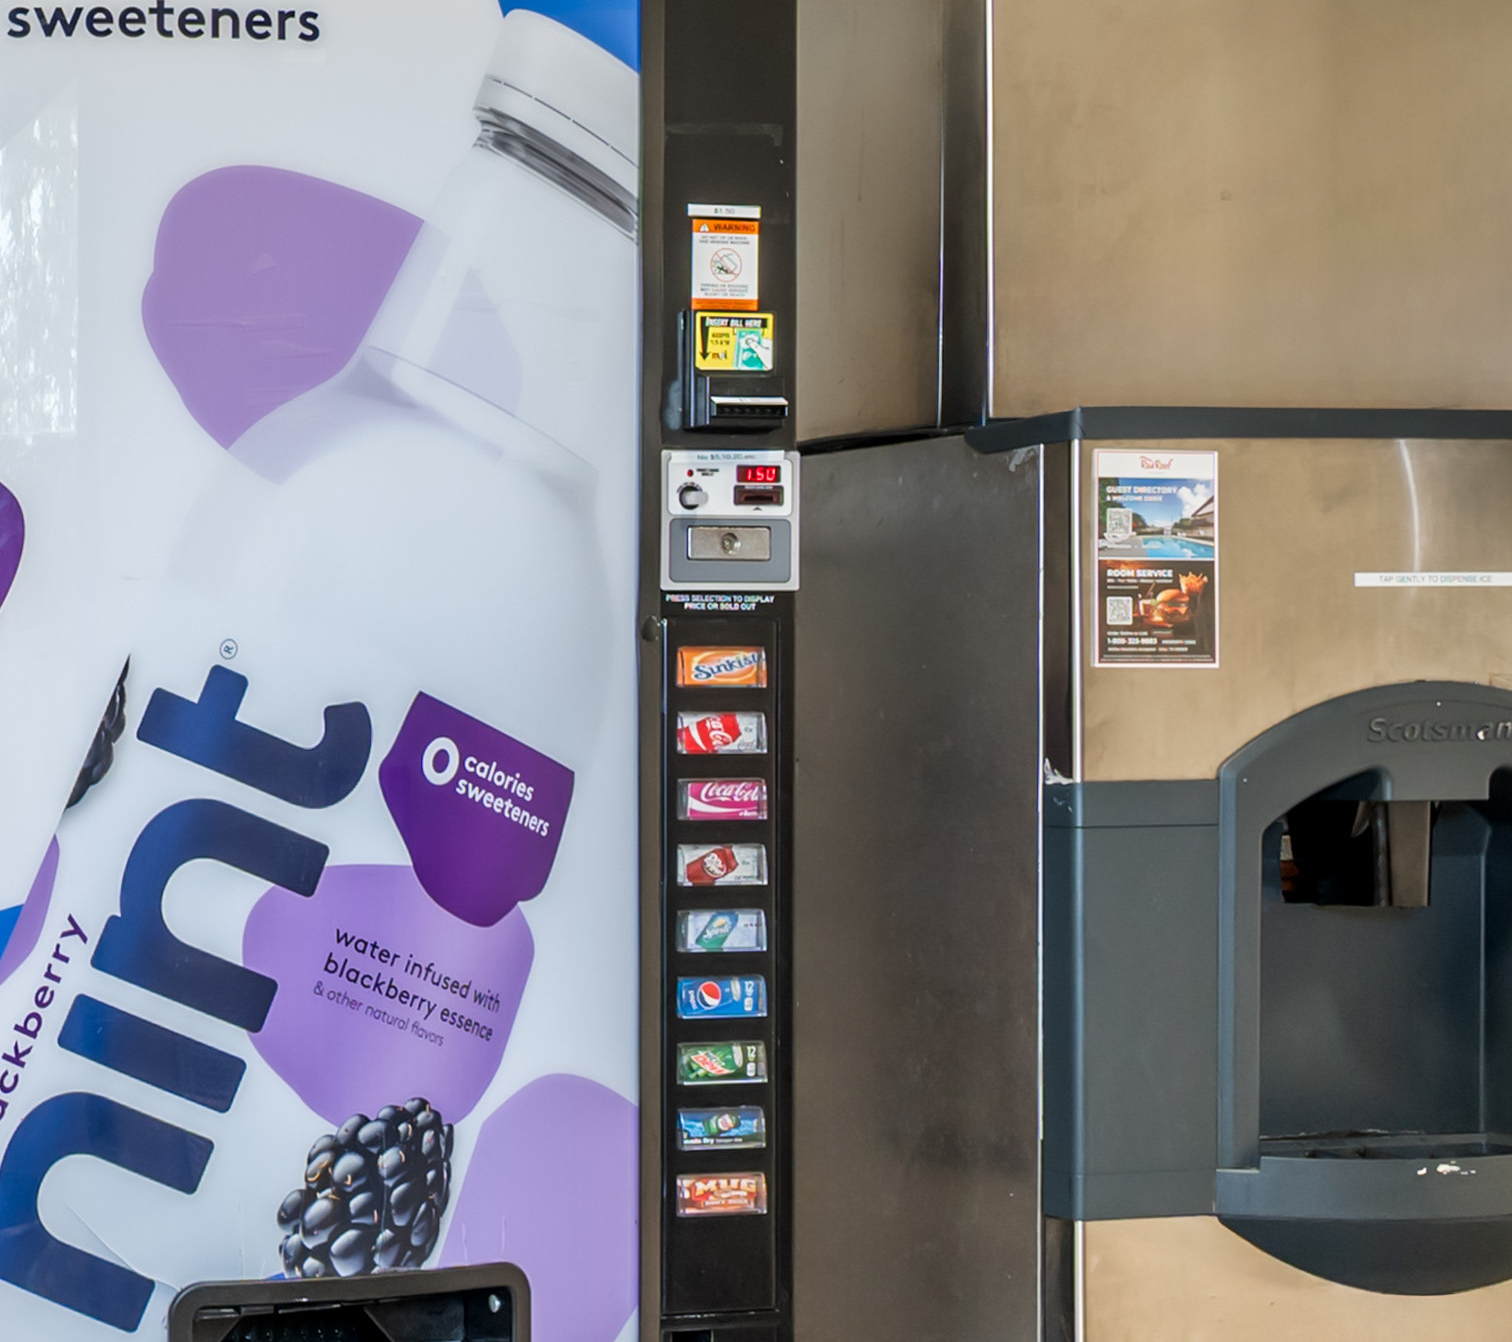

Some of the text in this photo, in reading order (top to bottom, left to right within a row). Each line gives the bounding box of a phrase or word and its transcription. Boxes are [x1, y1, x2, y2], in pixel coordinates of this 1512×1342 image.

[746, 467, 777, 481] 1.50
[1107, 569, 1173, 577] ROOM SERVICE
[1428, 575, 1438, 583] TO
[1479, 575, 1492, 583] ICE
[684, 602, 705, 610] PRICE
[744, 595, 775, 603] DISPLAY
[693, 651, 759, 680] Sunkist
[1367, 717, 1512, 743] Scotsman
[464, 755, 534, 802] calories
[456, 778, 550, 837] sweeteners
[335, 928, 500, 1013] water infused with
[324, 952, 493, 1042] blackberry essence
[313, 981, 445, 1047] & other natural flavors

-.-.-

#### What is expected:
Exclude the pictures, then write out every record exactly as it stands.

#### Solution to this problem:
Some of the text in this photo, in reading order (top to bottom, left to right within a row). Each line gives the bounding box of a phrase or word and its transcription. Boxes are [x1, y1, x2, y2], in pixel coordinates of this 1512×1342 image.

[746, 467, 777, 481] 1.50
[1107, 569, 1173, 577] ROOM SERVICE
[1428, 575, 1438, 583] TO
[1479, 575, 1492, 583] ICE
[684, 602, 705, 610] PRICE
[744, 595, 775, 603] DISPLAY
[693, 651, 759, 680] Sunkist
[1367, 717, 1512, 743] Scotsman
[464, 755, 534, 802] calories
[456, 778, 550, 837] sweeteners
[335, 928, 500, 1013] water infused with
[324, 952, 493, 1042] blackberry essence
[313, 981, 445, 1047] & other natural flavors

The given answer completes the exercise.